William Faulkner nasceu em 25 de setembro de 1897 em New Albany, Mississippi.

04/11/2019 13:49h

 Aclamado com o prêmio Nobel e dois Pulitzer, é autor de clássicos da literatura americana, como O som e a fúria (1929) e Luz de agosto (1932). Utilizando a técnica do "fluxo de consciência" consagrada por James Joyce, Virginia Woolf, Marcel Proust e Thomas Mann, Faulkner narrou a decadência do sul dos Estados Unidos da América, interiorizando-a em seus personagens, a maioria deles vivendo situações desesperadoras no condado imaginário de Yoknapatawpha.
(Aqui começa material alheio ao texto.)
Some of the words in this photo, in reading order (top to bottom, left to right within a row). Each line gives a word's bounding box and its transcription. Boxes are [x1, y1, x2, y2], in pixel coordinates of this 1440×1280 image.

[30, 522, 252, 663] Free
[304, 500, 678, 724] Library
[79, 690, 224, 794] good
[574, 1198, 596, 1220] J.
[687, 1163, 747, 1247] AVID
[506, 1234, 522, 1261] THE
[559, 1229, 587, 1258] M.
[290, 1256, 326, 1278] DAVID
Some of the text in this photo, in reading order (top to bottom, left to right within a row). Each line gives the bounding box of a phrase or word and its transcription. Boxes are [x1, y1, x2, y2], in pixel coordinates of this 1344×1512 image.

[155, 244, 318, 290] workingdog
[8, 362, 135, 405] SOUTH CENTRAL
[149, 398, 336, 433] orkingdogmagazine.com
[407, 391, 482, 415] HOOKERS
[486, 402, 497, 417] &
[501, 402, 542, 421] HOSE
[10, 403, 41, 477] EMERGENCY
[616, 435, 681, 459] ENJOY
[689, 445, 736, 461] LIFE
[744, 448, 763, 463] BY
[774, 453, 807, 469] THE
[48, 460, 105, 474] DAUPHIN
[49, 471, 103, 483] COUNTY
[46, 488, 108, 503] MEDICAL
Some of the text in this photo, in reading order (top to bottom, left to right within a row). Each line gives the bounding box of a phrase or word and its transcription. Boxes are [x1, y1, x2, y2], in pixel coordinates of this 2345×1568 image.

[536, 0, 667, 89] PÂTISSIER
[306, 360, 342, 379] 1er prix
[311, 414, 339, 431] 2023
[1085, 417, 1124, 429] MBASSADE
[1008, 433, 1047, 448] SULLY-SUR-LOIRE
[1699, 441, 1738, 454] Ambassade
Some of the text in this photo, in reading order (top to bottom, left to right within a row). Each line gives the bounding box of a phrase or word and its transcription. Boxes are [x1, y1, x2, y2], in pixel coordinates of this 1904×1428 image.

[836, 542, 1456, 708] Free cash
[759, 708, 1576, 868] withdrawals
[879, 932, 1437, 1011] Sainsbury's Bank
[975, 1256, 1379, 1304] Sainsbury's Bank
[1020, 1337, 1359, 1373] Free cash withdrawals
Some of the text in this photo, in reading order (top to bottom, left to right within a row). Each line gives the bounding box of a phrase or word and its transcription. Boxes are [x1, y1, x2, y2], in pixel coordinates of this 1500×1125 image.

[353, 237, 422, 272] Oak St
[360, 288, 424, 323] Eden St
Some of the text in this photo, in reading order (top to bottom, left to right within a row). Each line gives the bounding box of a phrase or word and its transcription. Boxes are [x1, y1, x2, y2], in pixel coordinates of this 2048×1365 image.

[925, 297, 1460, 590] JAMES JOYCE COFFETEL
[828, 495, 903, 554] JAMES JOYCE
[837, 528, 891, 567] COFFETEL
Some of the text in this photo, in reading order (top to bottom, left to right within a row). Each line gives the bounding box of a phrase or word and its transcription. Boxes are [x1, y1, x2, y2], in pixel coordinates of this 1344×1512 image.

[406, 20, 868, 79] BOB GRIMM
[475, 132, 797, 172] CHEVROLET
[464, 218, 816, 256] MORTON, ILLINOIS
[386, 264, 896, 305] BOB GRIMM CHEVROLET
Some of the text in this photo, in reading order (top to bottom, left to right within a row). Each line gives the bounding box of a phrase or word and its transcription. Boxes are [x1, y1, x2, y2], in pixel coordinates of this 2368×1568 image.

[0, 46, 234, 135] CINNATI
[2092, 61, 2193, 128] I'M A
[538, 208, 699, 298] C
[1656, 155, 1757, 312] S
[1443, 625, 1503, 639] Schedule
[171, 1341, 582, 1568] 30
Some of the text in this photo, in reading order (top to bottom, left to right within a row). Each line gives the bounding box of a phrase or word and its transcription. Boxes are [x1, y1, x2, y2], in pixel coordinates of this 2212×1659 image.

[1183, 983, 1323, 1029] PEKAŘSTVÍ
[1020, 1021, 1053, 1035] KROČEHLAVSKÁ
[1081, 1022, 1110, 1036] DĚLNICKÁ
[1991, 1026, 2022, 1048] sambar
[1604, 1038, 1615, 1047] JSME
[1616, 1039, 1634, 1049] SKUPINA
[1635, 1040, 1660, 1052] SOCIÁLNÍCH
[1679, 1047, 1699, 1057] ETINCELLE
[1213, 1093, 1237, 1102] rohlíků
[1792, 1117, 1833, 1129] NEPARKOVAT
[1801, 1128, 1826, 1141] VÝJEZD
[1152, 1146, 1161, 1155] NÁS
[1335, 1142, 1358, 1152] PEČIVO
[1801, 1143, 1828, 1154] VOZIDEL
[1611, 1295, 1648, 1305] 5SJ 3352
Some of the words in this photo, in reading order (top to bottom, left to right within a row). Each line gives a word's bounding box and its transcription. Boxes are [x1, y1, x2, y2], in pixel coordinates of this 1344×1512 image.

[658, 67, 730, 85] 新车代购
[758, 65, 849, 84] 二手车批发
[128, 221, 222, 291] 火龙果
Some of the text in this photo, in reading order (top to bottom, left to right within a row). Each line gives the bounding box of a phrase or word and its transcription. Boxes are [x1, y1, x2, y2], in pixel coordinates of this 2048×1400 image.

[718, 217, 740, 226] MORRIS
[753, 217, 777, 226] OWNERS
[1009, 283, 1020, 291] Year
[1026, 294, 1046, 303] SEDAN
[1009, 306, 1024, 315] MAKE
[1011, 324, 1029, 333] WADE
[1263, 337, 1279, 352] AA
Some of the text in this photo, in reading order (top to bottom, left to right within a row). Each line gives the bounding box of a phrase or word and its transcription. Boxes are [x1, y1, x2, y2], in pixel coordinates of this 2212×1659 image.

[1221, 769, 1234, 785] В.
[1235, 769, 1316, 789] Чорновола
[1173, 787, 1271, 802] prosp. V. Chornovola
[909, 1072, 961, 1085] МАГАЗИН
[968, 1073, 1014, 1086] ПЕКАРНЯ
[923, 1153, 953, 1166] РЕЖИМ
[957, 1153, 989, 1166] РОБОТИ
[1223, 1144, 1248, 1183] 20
Por muitas vezes descrever múltiplos pontos de vista (não raro, simultaneamente) e impor bruscas mudanças de tempo narrativo, a obra faulkneriana é tida como hermética e desafiadora. Faulkner faleceu de complicações cardíacas em 06 de Julho de 1962, logo depois de lançar seu último romance, Os desgarrados.  Sua obra reflete o desmoronamento do universo familiar e social de brancos e negros causado pela Guerra Civil Americana (1861-1865). Para ele, a fonte do mal é a escravidão, que teria afastado o homem da natureza. Vive até os 13 anos no Mississippi. Durante a I Guerra Mundial, por espírito de aventura, inscreve-se na aviação canadense e é enviado a Toronto. Ele jamais desmente a lenda de que teria participado de ações militares na Europa. Entra para a universidade em 1919, mas abandona o curso no ano seguinte. Trabalha como piloto, pintor de paredes e carteiro e, em 1924, publica o livro de poesias O Fauno de Mármore. Publicado em 1929, "O Som e a Fúria" não é só o seu melhor romance,  mas também uma das mais contundentes peças de ficção produzidas no século 20, de acordo com críticos da literatura. A história dos Compson, decadente família do Mississippi, tornou-se marco estético para o autor, que reconheceu nunca ter escrito obra que lhe fizesse sentir tamanho "êxtase" criativo. Disse ainda que o texto fluiu de sua pena a partir da imagem de uma garotinha com calcinhas sujas de lama que trepa numa árvore para bisbilhotar o funeral da avó. Indubitavelmente, uma grande obra.